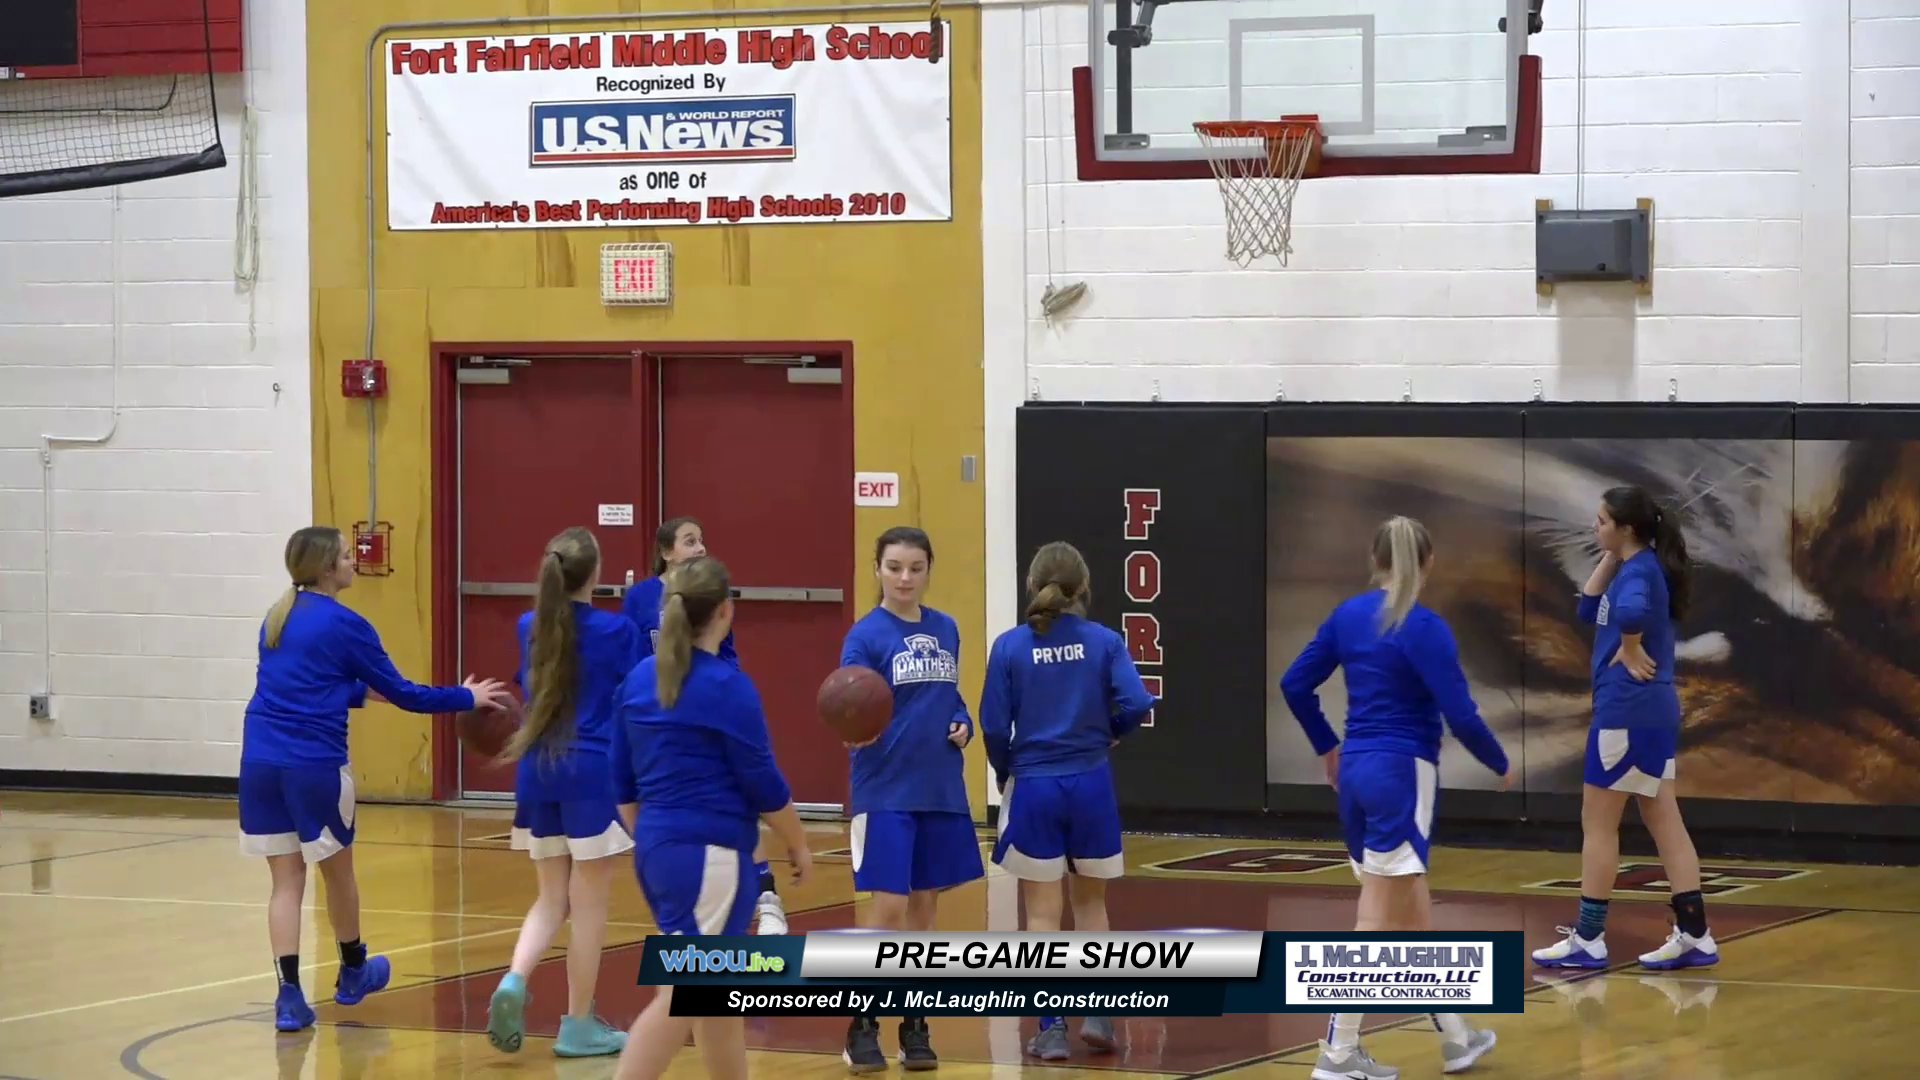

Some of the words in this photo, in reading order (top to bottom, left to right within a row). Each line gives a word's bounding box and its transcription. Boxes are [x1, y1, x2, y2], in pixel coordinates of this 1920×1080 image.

[391, 42, 457, 75] Fort
[466, 36, 601, 73] Fairfield
[612, 32, 727, 68] Middle
[737, 28, 815, 70] High
[596, 74, 695, 95] Recognized
[704, 73, 726, 92] By
[679, 110, 729, 121] WORLD
[731, 109, 785, 119] REPORT
[619, 174, 638, 190] as
[646, 171, 680, 189] one
[689, 171, 707, 189] of
[431, 201, 530, 223] America's
[534, 199, 582, 221] Best
[587, 197, 701, 223] Performing
[706, 196, 755, 222] High
[760, 194, 844, 217] Schools
[849, 192, 906, 216] 2010
[614, 258, 655, 293] EXIT
[858, 481, 894, 499] EXIT
[1032, 643, 1085, 665] PRYOR
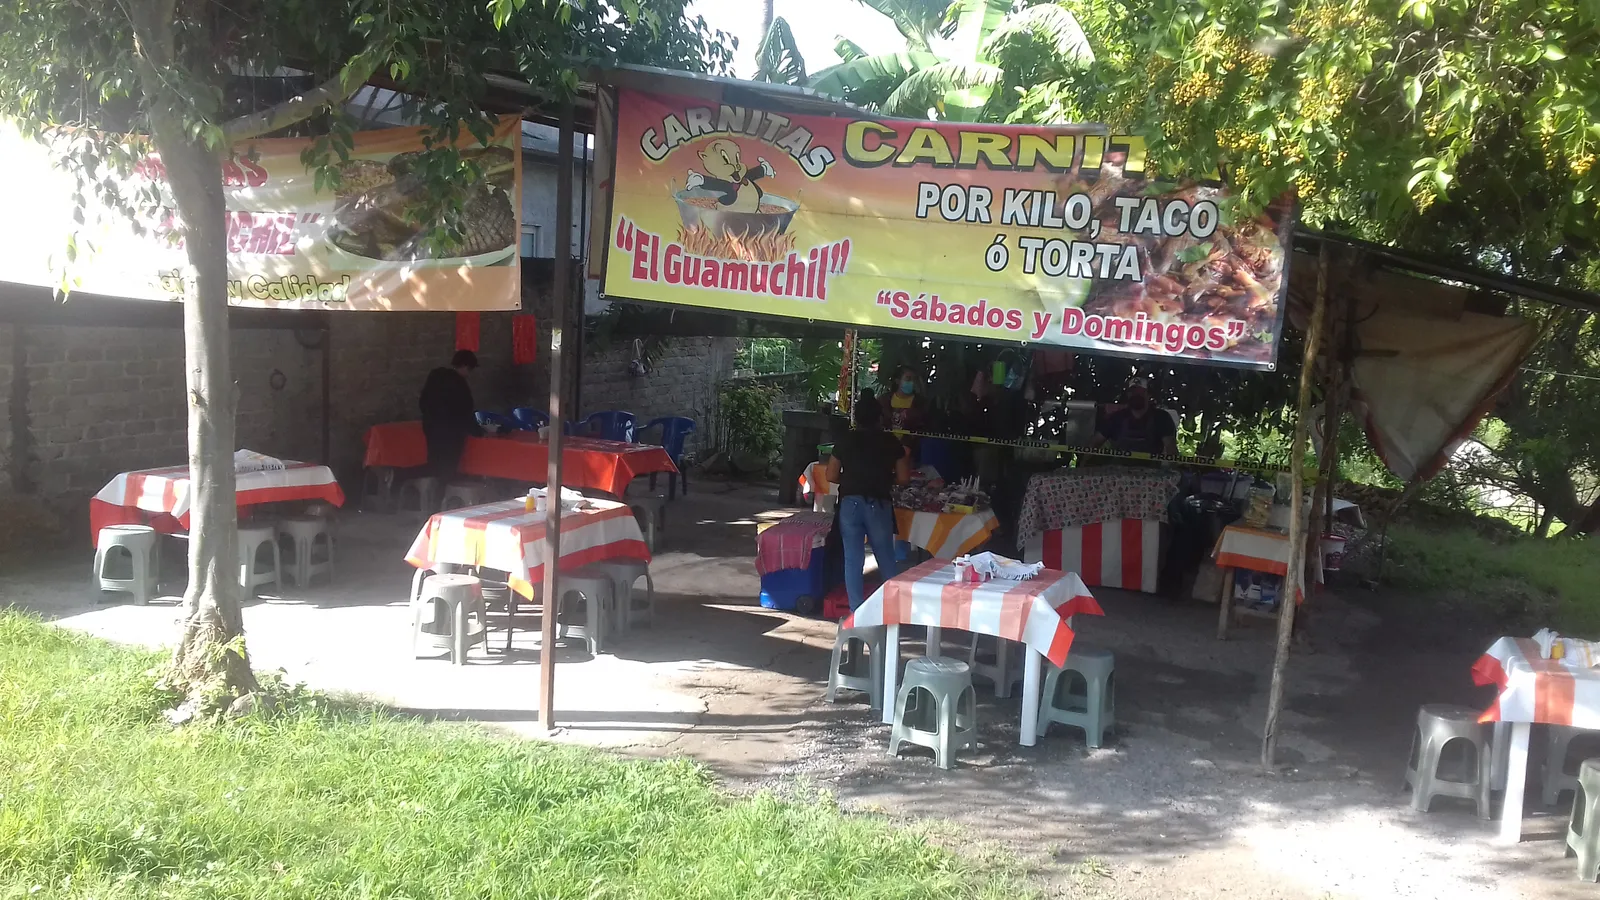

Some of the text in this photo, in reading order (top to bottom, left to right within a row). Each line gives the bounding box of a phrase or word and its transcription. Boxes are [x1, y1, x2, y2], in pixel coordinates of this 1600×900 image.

• • • • • • •

▸ Description of the task
Print the whole listing exactly. No pictures belong in the copy.

▸ Output for this task
Some of the words in this photo, in reading order (top to bottom, left to right within a row). Each line gives a word's bounding box and its transcription. Boxes are [x1, y1, x2, y2], in pixel coordinates of this 1920×1080 image.

[391, 42, 457, 75] Fort
[466, 36, 601, 73] Fairfield
[612, 32, 727, 68] Middle
[737, 28, 815, 70] High
[596, 74, 695, 95] Recognized
[704, 73, 726, 92] By
[679, 110, 729, 121] WORLD
[731, 109, 785, 119] REPORT
[619, 174, 638, 190] as
[646, 171, 680, 189] one
[689, 171, 707, 189] of
[431, 201, 530, 223] America's
[534, 199, 582, 221] Best
[587, 197, 701, 223] Performing
[706, 196, 755, 222] High
[760, 194, 844, 217] Schools
[849, 192, 906, 216] 2010
[614, 258, 655, 293] EXIT
[858, 481, 894, 499] EXIT
[1032, 643, 1085, 665] PRYOR

Some of the text in this photo, in reading order (top to bottom, left to right within a row). Each line gives the bounding box of a phrase or word and its transcription. Boxes are [x1, y1, x2, y2], in pixel coordinates of this 1600×900 image.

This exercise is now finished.